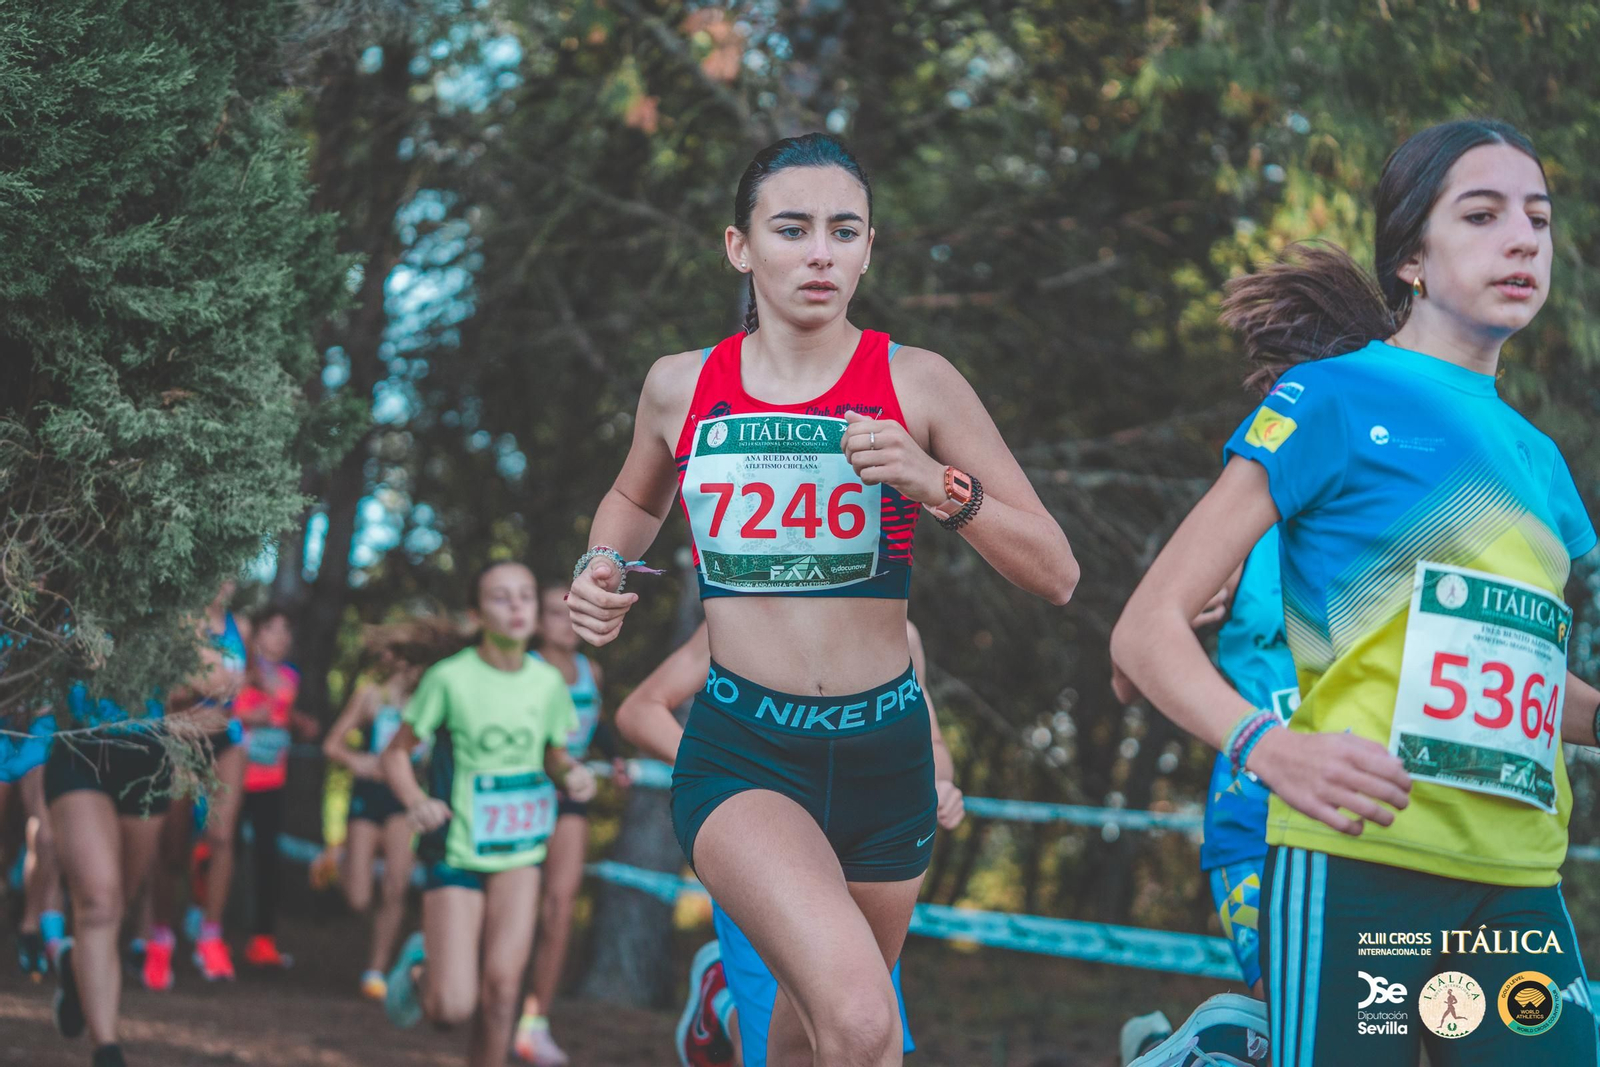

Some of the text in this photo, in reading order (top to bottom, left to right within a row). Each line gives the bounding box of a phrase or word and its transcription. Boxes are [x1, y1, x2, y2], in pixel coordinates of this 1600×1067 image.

[805, 406, 830, 416] Club
[739, 418, 827, 441] ITÁLICA
[745, 454, 818, 462] ANA RUEDA OLMO
[700, 482, 866, 539] 7246
[1482, 586, 1556, 630] ITÁLICA
[755, 696, 868, 730] NIKE
[1423, 651, 1559, 749] 5364
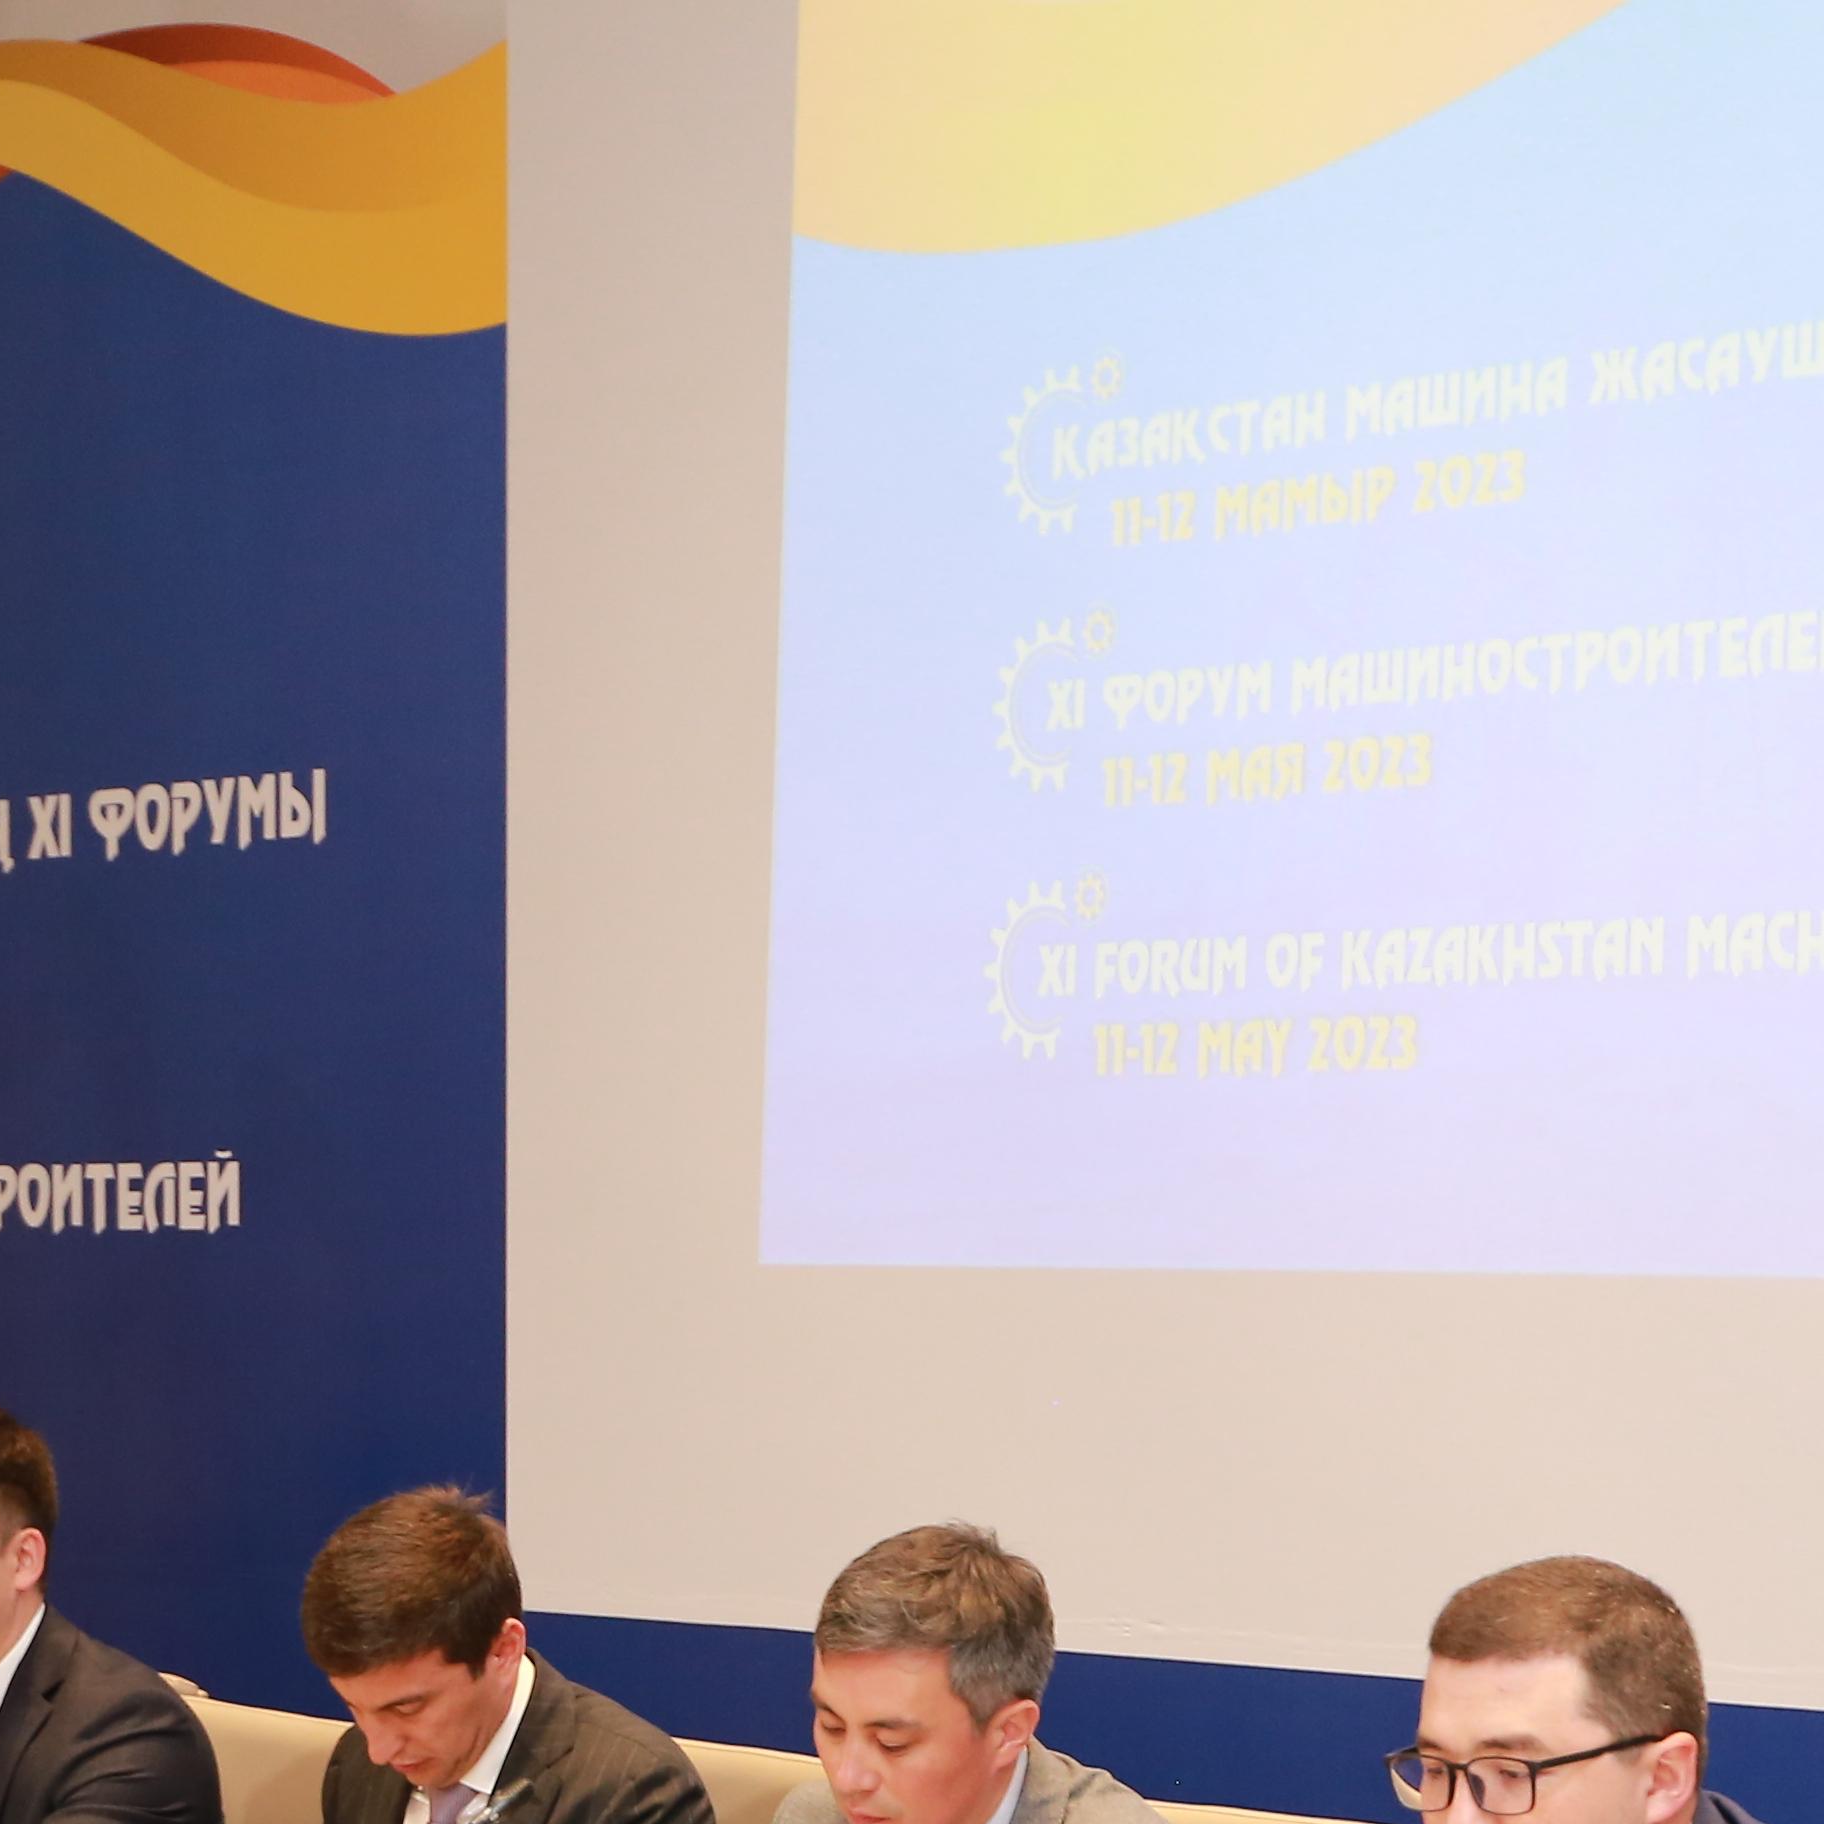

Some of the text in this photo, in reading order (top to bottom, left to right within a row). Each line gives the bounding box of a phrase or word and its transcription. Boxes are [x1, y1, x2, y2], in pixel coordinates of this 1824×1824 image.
———
● **What the task requires**
Your task is to repeat the listing exactly while omitting its pictures.

● **Your solution**
Some of the text in this photo, in reading order (top to bottom, left to right within a row). Each line gives the bounding box of a phrase or word and its transcription. Boxes are [x1, y1, x2, y2], in pixel coordinates of this 1600×1067 image.

[805, 406, 830, 416] Club
[739, 418, 827, 441] ITÁLICA
[745, 454, 818, 462] ANA RUEDA OLMO
[700, 482, 866, 539] 7246
[1482, 586, 1556, 630] ITÁLICA
[755, 696, 868, 730] NIKE
[1423, 651, 1559, 749] 5364

Some of the text in this photo, in reading order (top to bottom, left to right within a row). Each line gives the bounding box of a phrase or word and its transcription. Boxes are [x1, y1, x2, y2], in pixel coordinates of this 1824×1824 image.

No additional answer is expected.